En séjour au Kongo Central depuis le week-end dernier, l’épouse du Chef de l’Etat, Denise Nyakeru Tshisekedi, est arrivée à Boma ce mercredi 7 octobre dans l’après-midi en provenance de la cité côtière de Muanda.
Accompagnée par le gouverneur de province, Atou Matubuana Nkuluki, la 1ère dame a communié avec la population bomatracienne devant le bâtiment administratif de la Mairie. Une foule importante y était pour voir pour la première fois l’épouse de Félix-Antoine Tshisekedi et présidente de la Fondation Denise Nyakeru.
Des discours, il y en a eu. D’abord, la Maire Marie-Josée Niongo Nsuami a, au nom de la population de sa juridiction, souhaité la bienvenue à la 1ère dame avant de passer la parole au chef de l’exécutif provincial.
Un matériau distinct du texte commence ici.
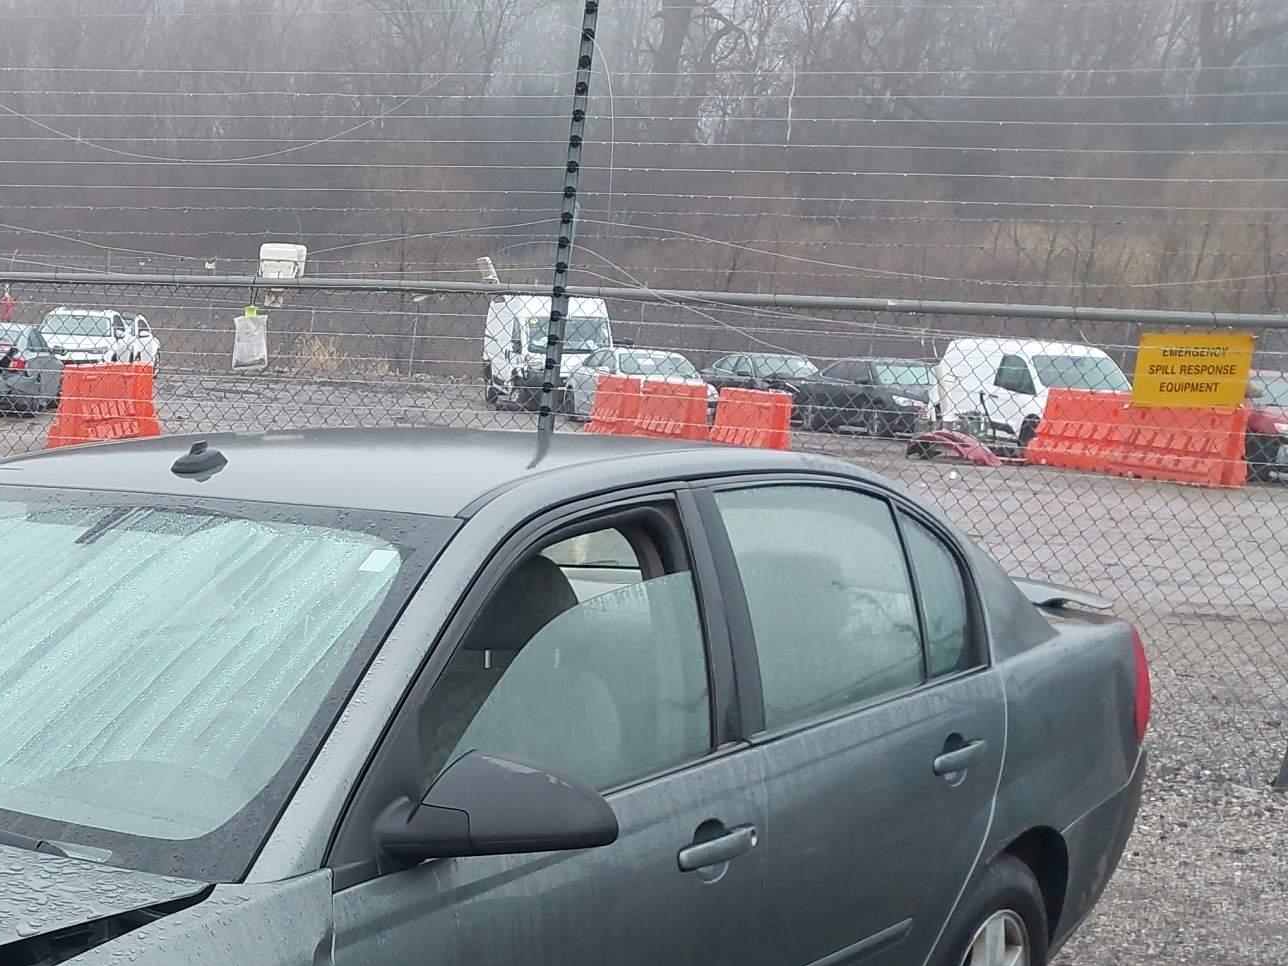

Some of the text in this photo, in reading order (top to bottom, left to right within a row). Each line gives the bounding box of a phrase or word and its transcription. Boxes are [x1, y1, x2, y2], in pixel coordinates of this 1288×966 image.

[1162, 346, 1229, 357] EMERGENCY
[1148, 364, 1237, 375] SPILL RESPONSE
[1159, 382, 1220, 393] EQUIPMENT
Pour sa part, Atou Matubuana a présenté Denise Nyakeru aux Bomatraciens venus nombreux pour la circonstance.
La 1ère dame n’a pas caché sa joie face à cet amour lui démontré. Ainsi, dans son mot, Denise Nyakeru s’est dit honorée pour cette prise de contact. Elle a avoué avoir palpé du doigt les réalités de cette partie du pays pour faire le plaidoyer auprès de son mari. C’est la raison même de sa présence dans le Kongo Central, en général, et dans la ville de Boma en particulier, a-t-elle expliqué à la population.
La foule, en délire, l’a plusieurs fois applaudi et interrompu son adresse en reclamant la réprise totale des activités portuaires à Boma, ainsi que la baisse des coûts de la douane.
Rappelons que ladite ville est dépourvue des entreprises viables et n’a que le port comme plaque tournante des activités commerciales.
Consciente de la situation que traversent les femmes pendant cette période de crise sanitaire, Denise Nyakeru à travers sa fondation, s’est engagée à prendre en charge toutes les taxes payées au niveau des différents marchés de la ville, question de soutenir les femmes vendeuses.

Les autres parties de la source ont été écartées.